◆ **EXERCISE DATA**:
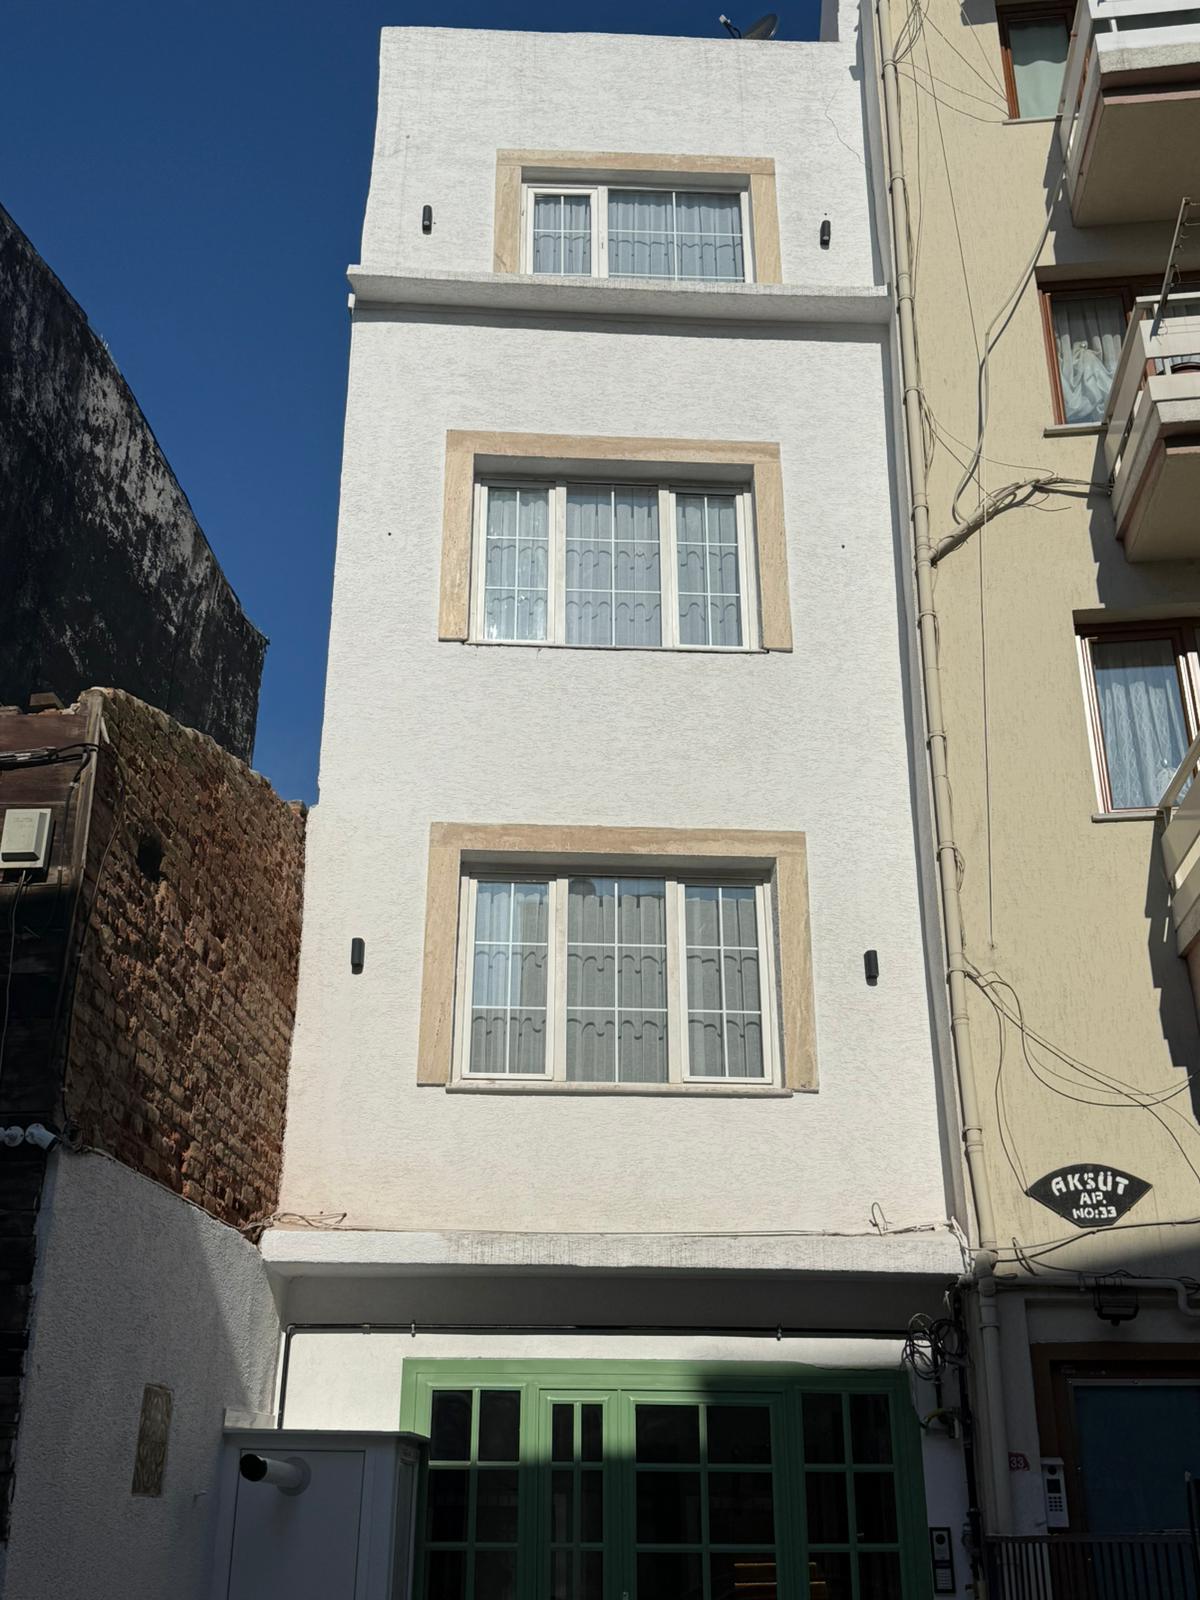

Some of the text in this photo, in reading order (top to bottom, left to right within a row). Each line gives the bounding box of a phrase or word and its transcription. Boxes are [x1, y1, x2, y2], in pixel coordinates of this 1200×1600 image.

[1051, 1171, 1129, 1196] AKSÜT
[1080, 1191, 1107, 1205] AP.
[1072, 1206, 1117, 1219] NO:33
[1009, 1456, 1025, 1468] 33

◆ **TASK DETAILS**:
Output each entry exactly. Skip the pictures.

◆ **SOLVED PROBLEM**:
Some of the text in this photo, in reading order (top to bottom, left to right within a row). Each line gives the bounding box of a phrase or word and its transcription. Boxes are [x1, y1, x2, y2], in pixel coordinates of this 1200×1600 image.

[1051, 1171, 1129, 1196] AKSÜT
[1080, 1191, 1107, 1205] AP.
[1072, 1206, 1117, 1219] NO:33
[1009, 1456, 1025, 1468] 33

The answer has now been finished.